:: YOUR TASK ::
Copy out all the lines of the data precisely, omitting any pictures.

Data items
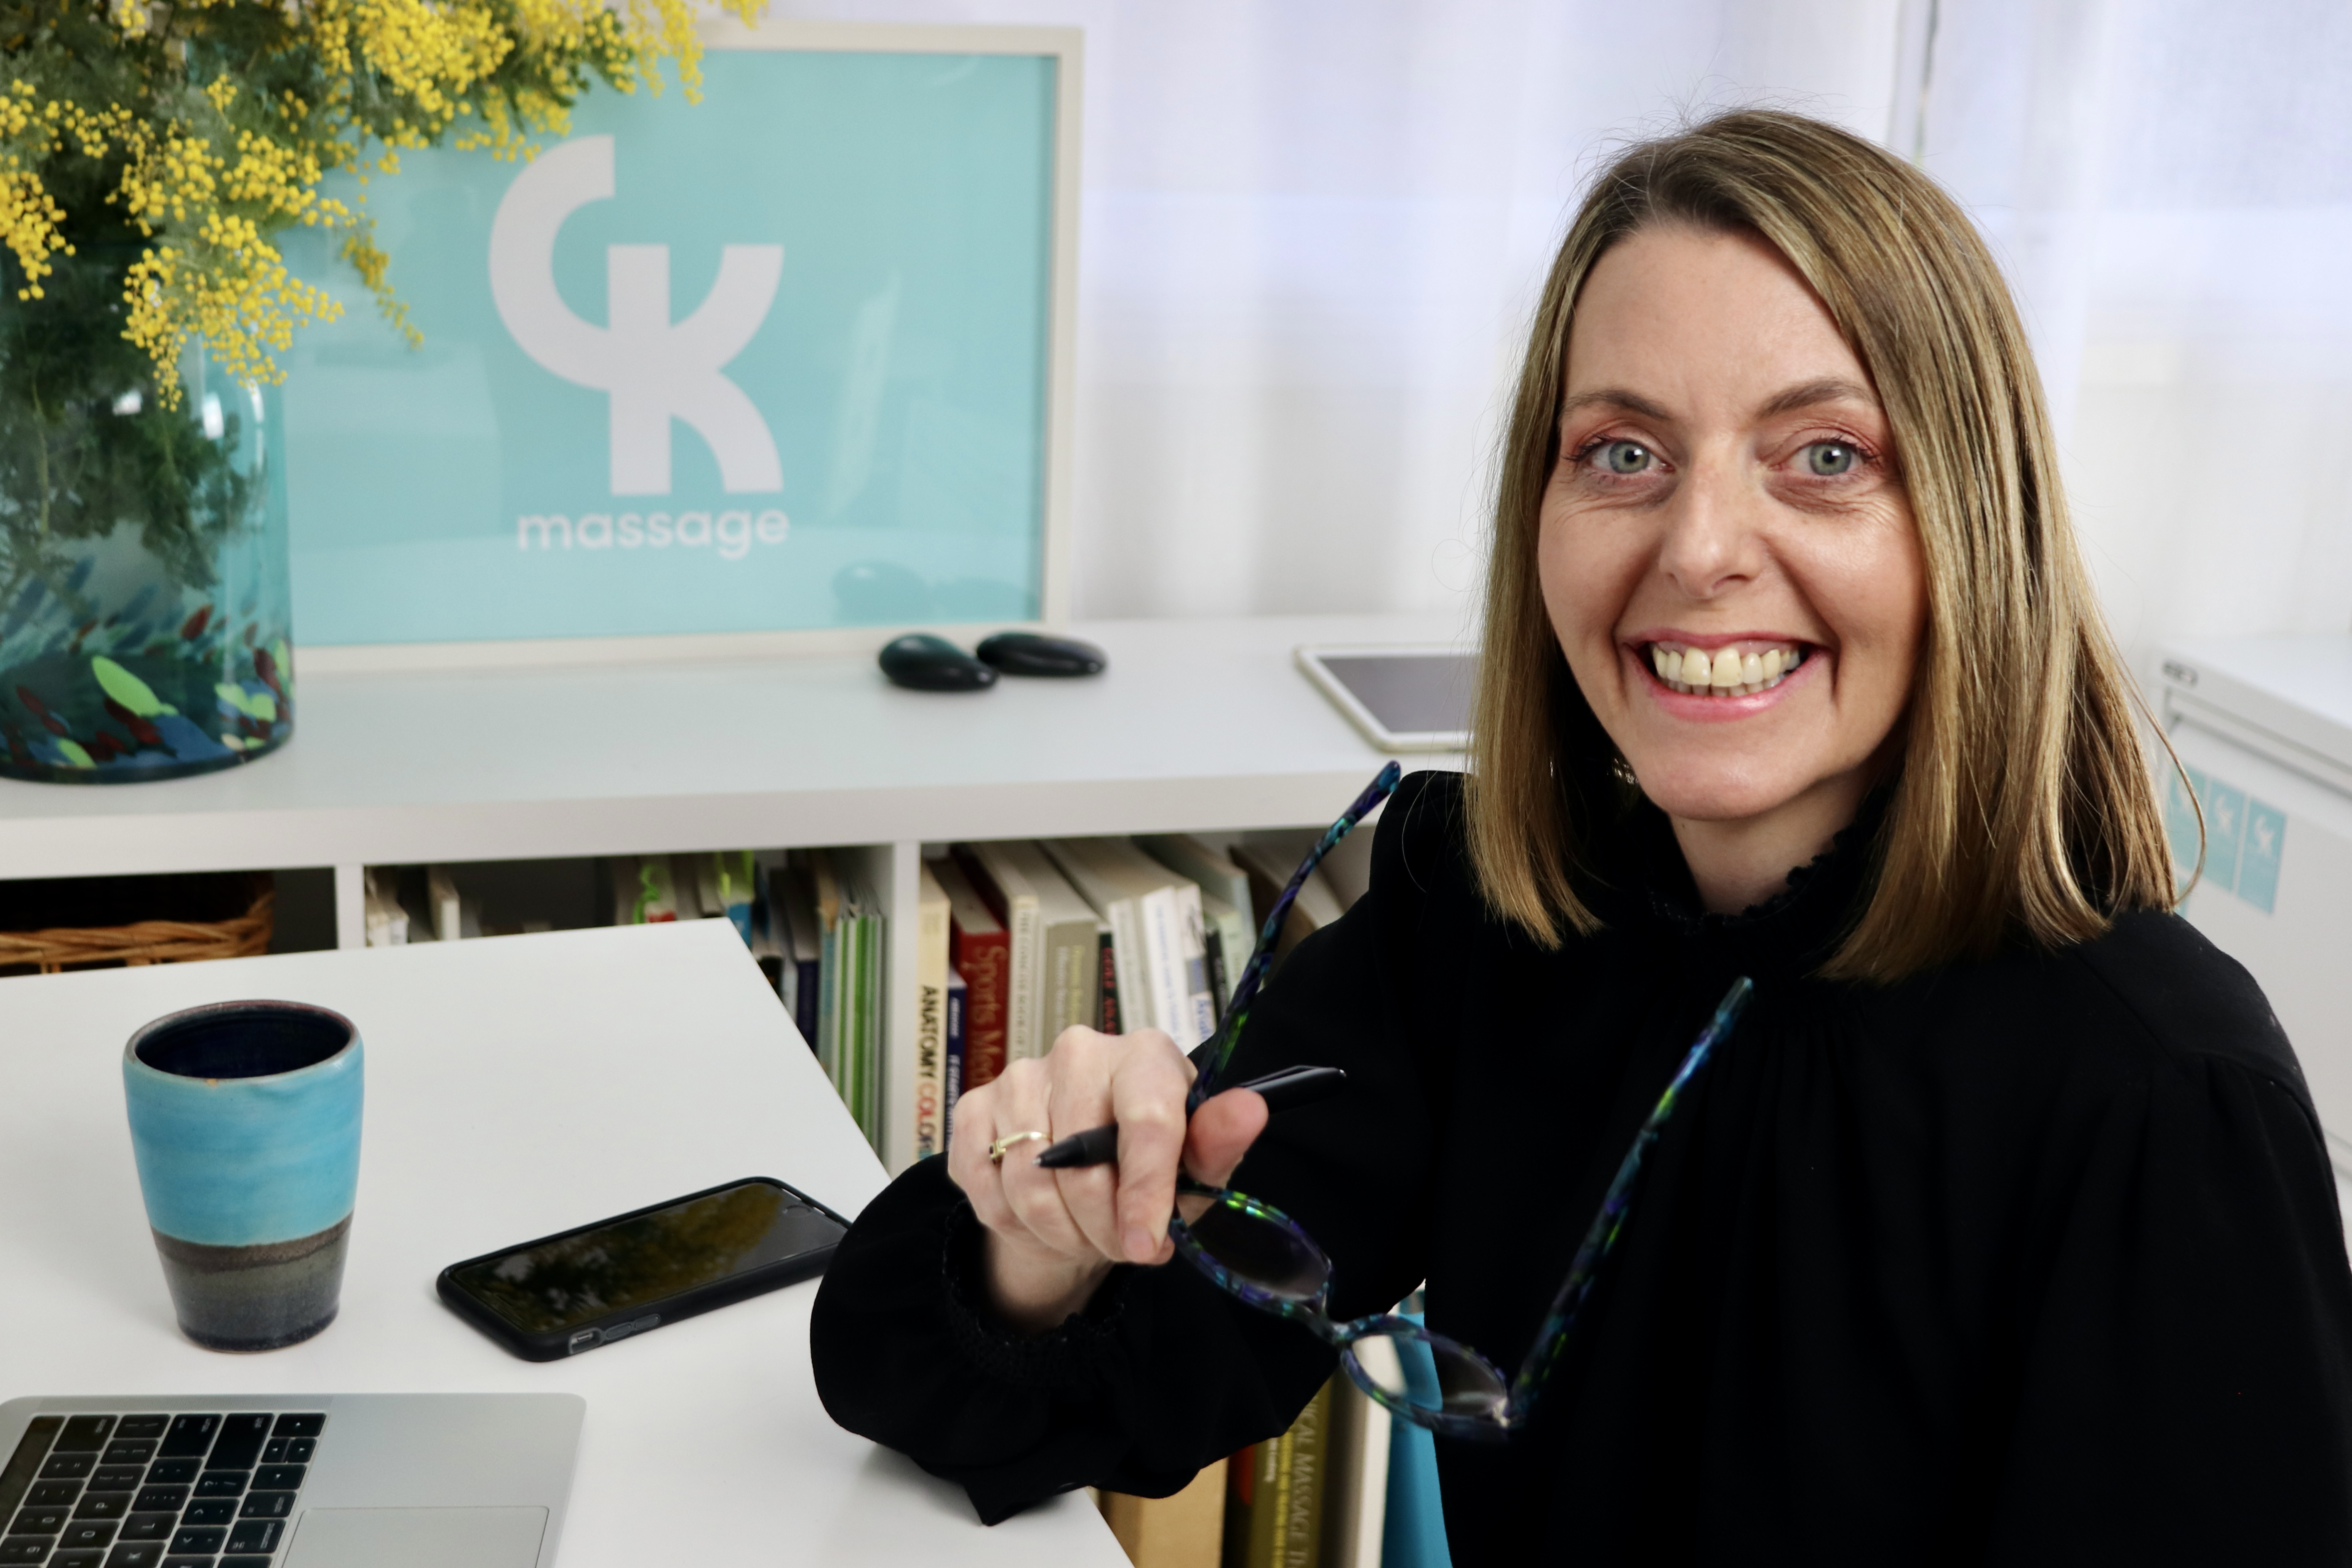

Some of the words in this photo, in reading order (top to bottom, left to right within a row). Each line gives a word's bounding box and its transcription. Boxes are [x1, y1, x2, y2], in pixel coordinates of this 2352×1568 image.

[488, 134, 785, 495] CK
[517, 509, 789, 560] massage
[964, 945, 1007, 1023] Sports
[918, 985, 939, 1078] ANATOMY
[968, 1030, 1002, 1086] Med
[1288, 1452, 1316, 1541] MASSAGE

:: SOLUTION TO THIS TASK ::
Some of the words in this photo, in reading order (top to bottom, left to right within a row). Each line gives a word's bounding box and its transcription. Boxes are [x1, y1, x2, y2], in pixel coordinates of this 2352×1568 image.

[488, 134, 785, 495] CK
[517, 509, 789, 560] massage
[964, 945, 1007, 1023] Sports
[918, 985, 939, 1078] ANATOMY
[968, 1030, 1002, 1086] Med
[1288, 1452, 1316, 1541] MASSAGE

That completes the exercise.